== Required work ==
Omit every picture and write out the rest of the records exactly.

== Exercise data ==
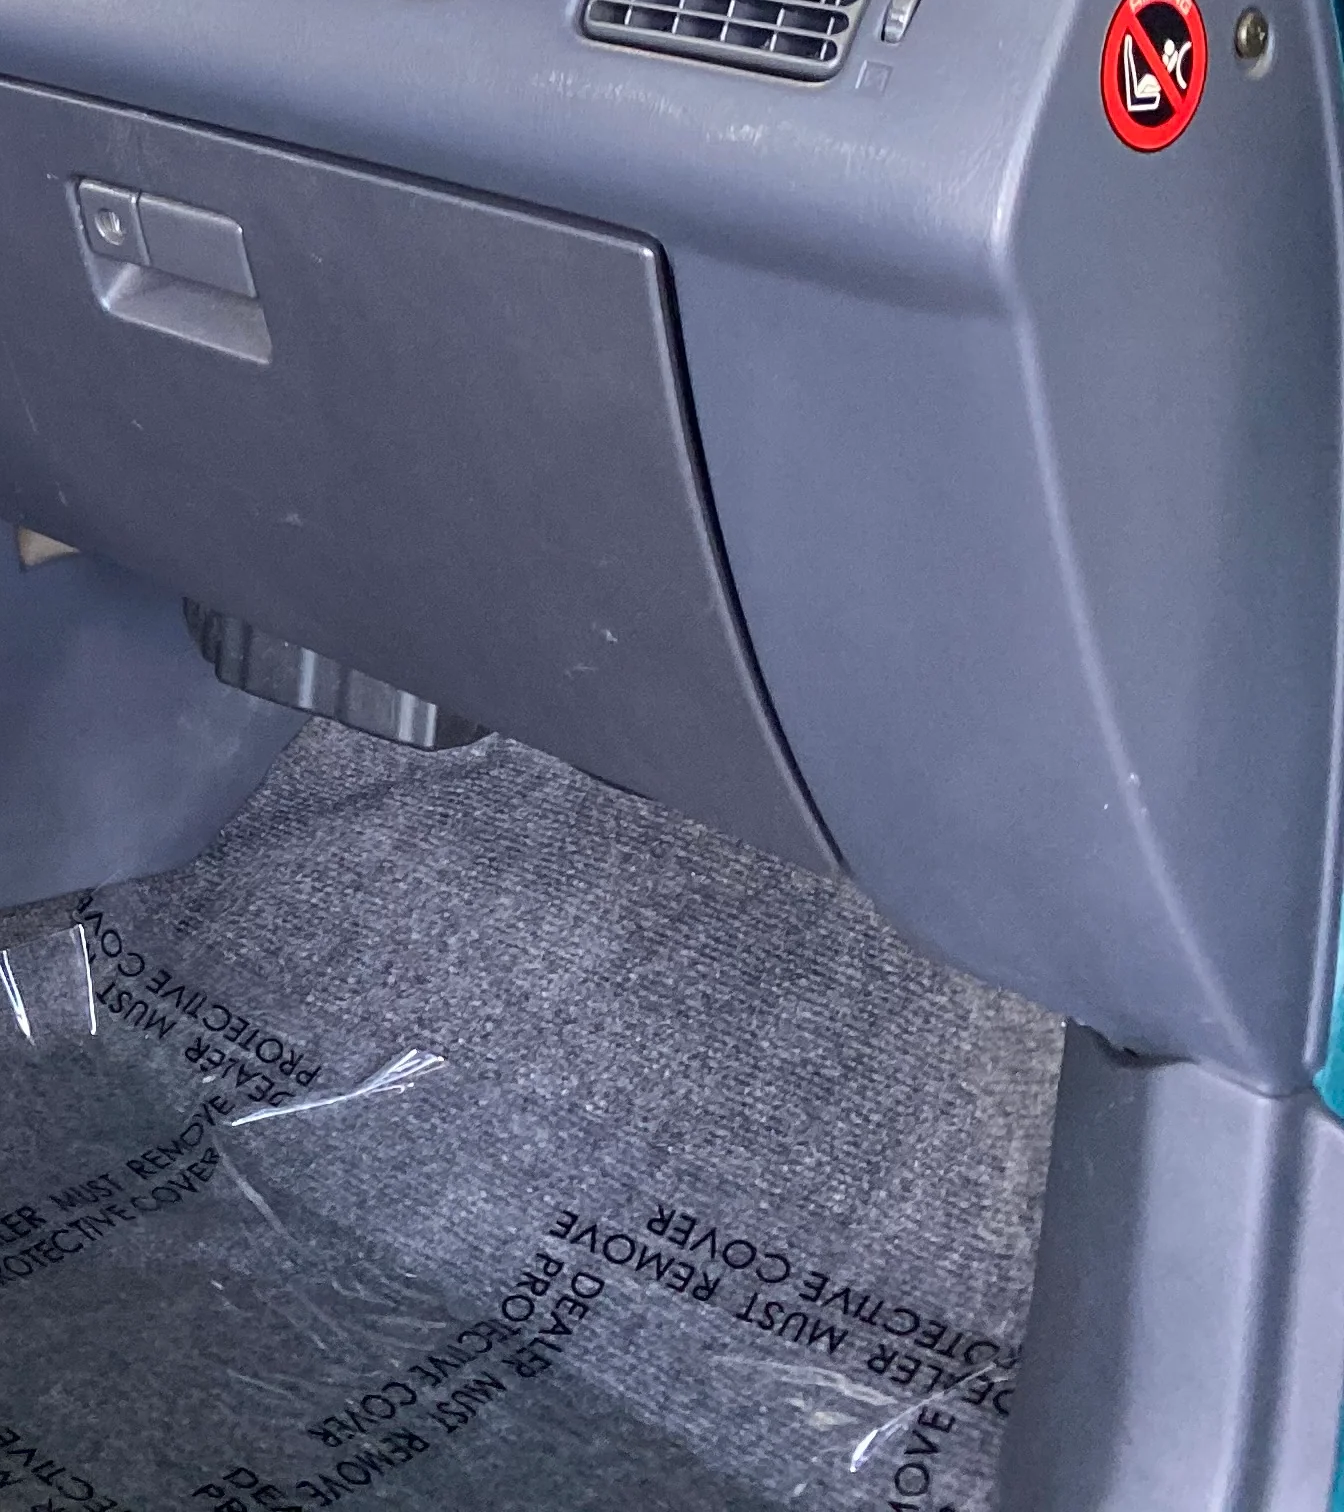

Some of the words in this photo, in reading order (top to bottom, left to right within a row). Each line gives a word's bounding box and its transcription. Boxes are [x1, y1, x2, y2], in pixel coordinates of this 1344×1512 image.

[95, 981, 178, 1039] MUST
[145, 969, 322, 1087] PROTECTIVE
[48, 1172, 123, 1213] MUST
[125, 1094, 236, 1180] REMOVE
[130, 1145, 220, 1214] COVER
[548, 1209, 721, 1303] REMOVE
[646, 1203, 791, 1284] COVER
[409, 1252, 566, 1388] PROTECTIVE
[501, 1271, 606, 1379] DEALER
[735, 1292, 849, 1356] MUST
[307, 1381, 418, 1448] COVER
[428, 1371, 509, 1435] MUST
[296, 1427, 430, 1507] REMOVE

== Response ==
Some of the words in this photo, in reading order (top to bottom, left to right within a row). Each line gives a word's bounding box and its transcription. Boxes are [x1, y1, x2, y2], in pixel coordinates of this 1344×1512 image.

[95, 981, 178, 1039] MUST
[145, 969, 322, 1087] PROTECTIVE
[48, 1172, 123, 1213] MUST
[125, 1094, 236, 1180] REMOVE
[130, 1145, 220, 1214] COVER
[548, 1209, 721, 1303] REMOVE
[646, 1203, 791, 1284] COVER
[409, 1252, 566, 1388] PROTECTIVE
[501, 1271, 606, 1379] DEALER
[735, 1292, 849, 1356] MUST
[307, 1381, 418, 1448] COVER
[428, 1371, 509, 1435] MUST
[296, 1427, 430, 1507] REMOVE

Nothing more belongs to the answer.